Gossamer Bio (GOSS) Proxy filing summary
Event summary combining transcript, slides, and related documents.
Proxy filing summary
18 May, 2026Executive summary
Special Meeting called to address proposals related to a major Exchange Offer, including the exchange of $200 million in 5.00% Convertible Senior Notes due 2027 for new 7.50% Convertible Senior Secured First Lien Notes due 2030, common stock, and warrants, aiming to improve capital structure and address debt obligations before maturity.
The Exchange Offer is supported by holders of approximately 75.2% of the outstanding principal amount of the existing notes, who have entered into voting agreements to support all proposals.
The Exchange Offer will result in significant dilution to existing common stockholders, with noteholders potentially owning up to 78.7% of outstanding shares upon full conversion.
Voting matters and shareholder proposals
Proposal 1: Approve, per Nasdaq Rule 5635(d), the issuance of shares upon conversion of new notes and exercise of up to 150 million warrants, exceeding 20% of pre-offer shares.
Proposal 2: Approve amendment and restatement of the 2019 Incentive Award Plan to increase shares authorized for equity awards.
Proposal 3: Approve amendment to increase authorized common stock from 700 million to 4 billion shares.

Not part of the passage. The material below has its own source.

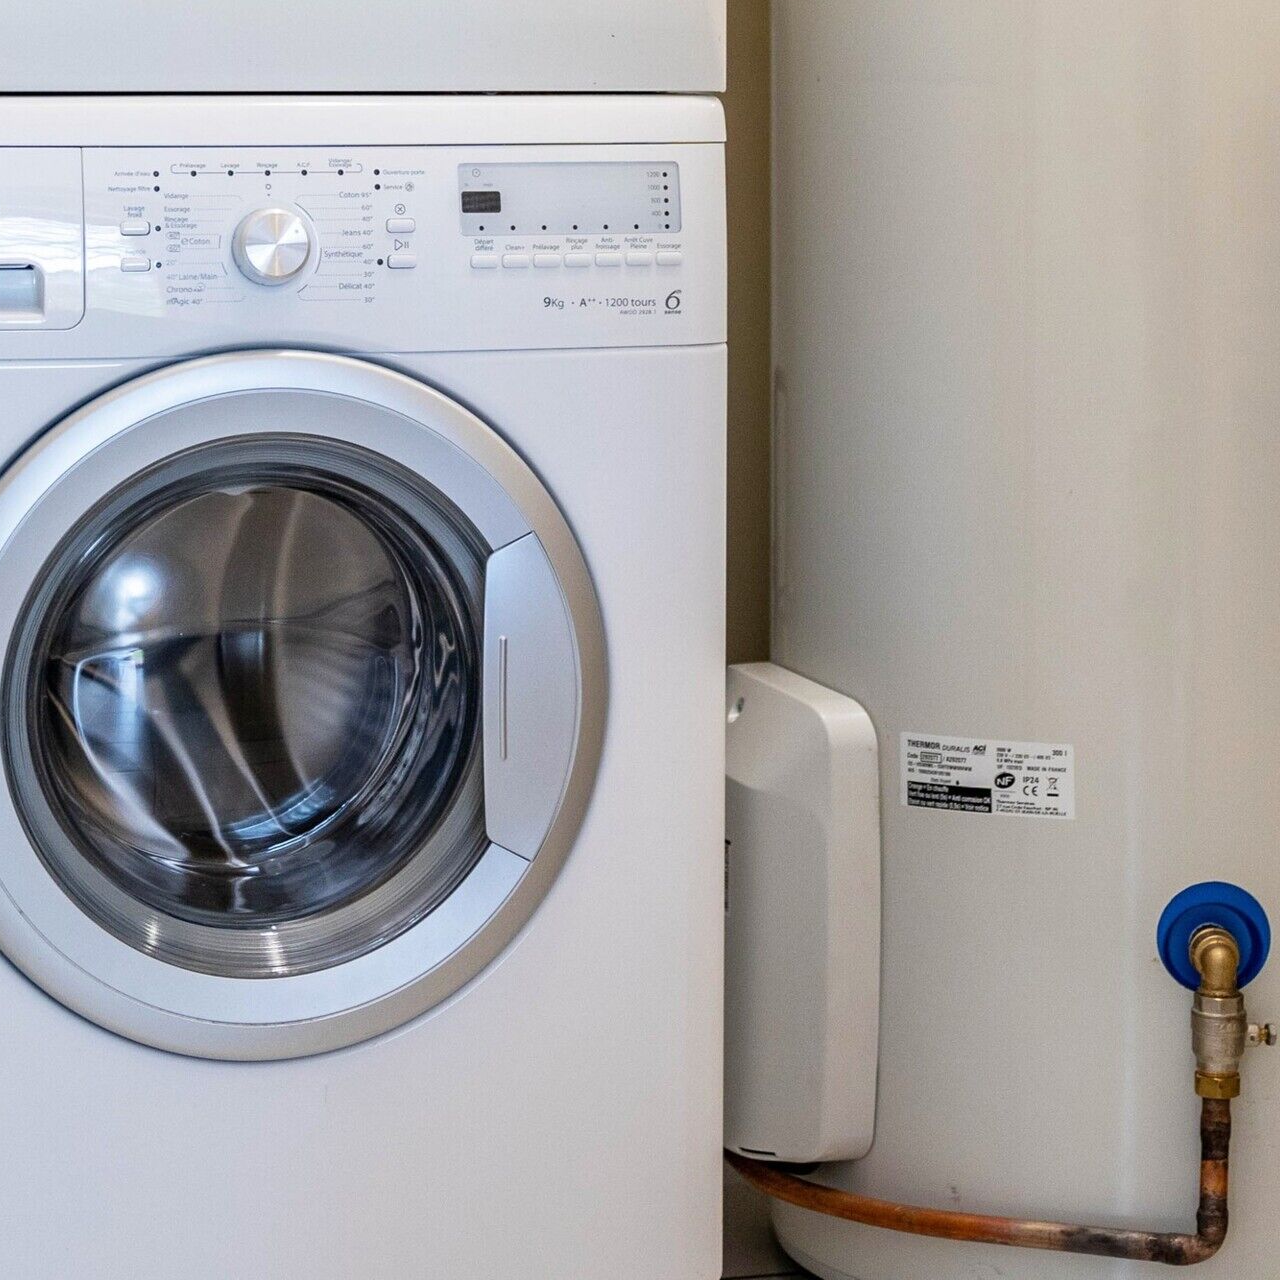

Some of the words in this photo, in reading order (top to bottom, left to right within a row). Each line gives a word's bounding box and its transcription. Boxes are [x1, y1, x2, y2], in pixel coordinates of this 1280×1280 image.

Proposal 4: Approve 30 alternate amendments to effect a reverse stock split at ratios from 1-for-10 to 1-for-150 and proportionate reduction in authorized shares.

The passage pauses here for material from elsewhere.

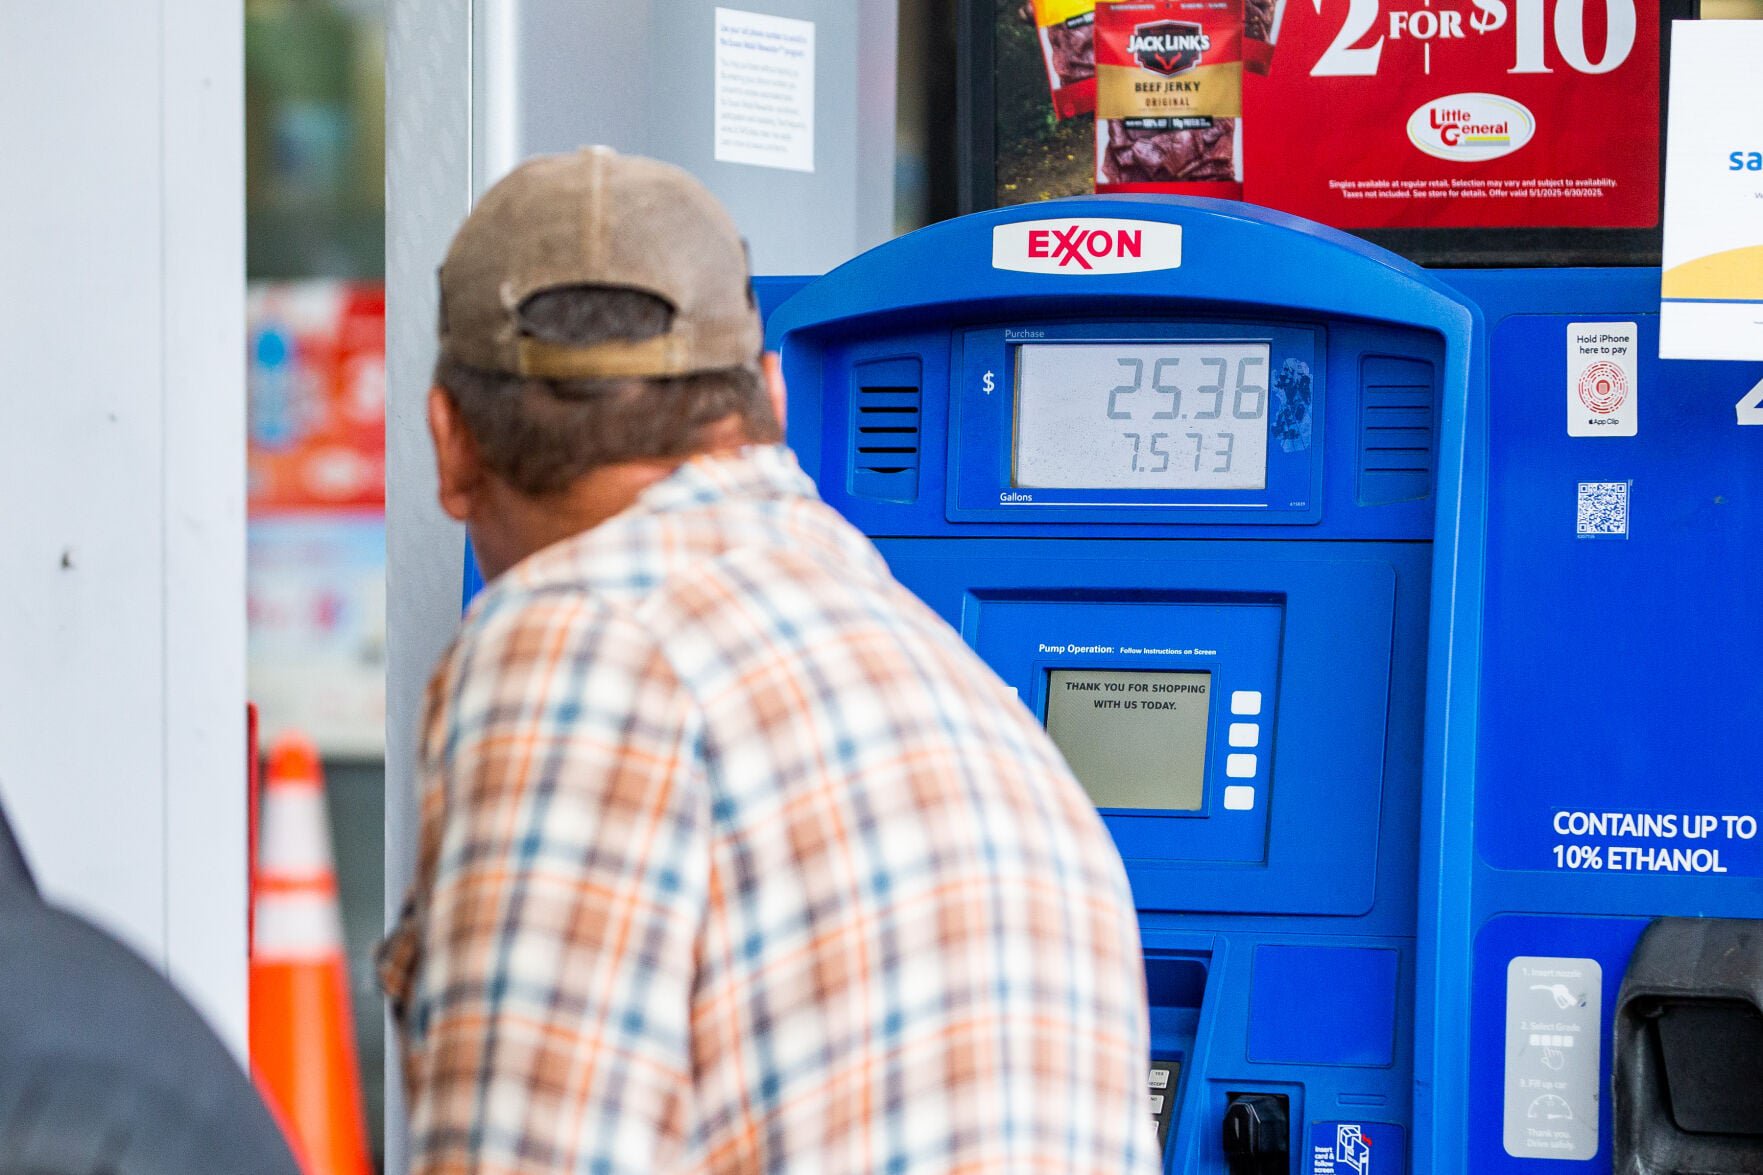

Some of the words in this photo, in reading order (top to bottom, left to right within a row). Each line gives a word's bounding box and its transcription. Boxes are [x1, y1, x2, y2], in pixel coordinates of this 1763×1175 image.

Proposal 5: Approve adjournment of the meeting if more time is needed to solicit votes.
Board unanimously recommends voting “FOR” all proposals.
Board of directors and corporate governance
Board and compensation committee are composed of independent directors, with no interlocks or insider participation.
Non-employee directors receive annual retainers and equity awards, with compensation subject to annual limits and vesting upon change in control.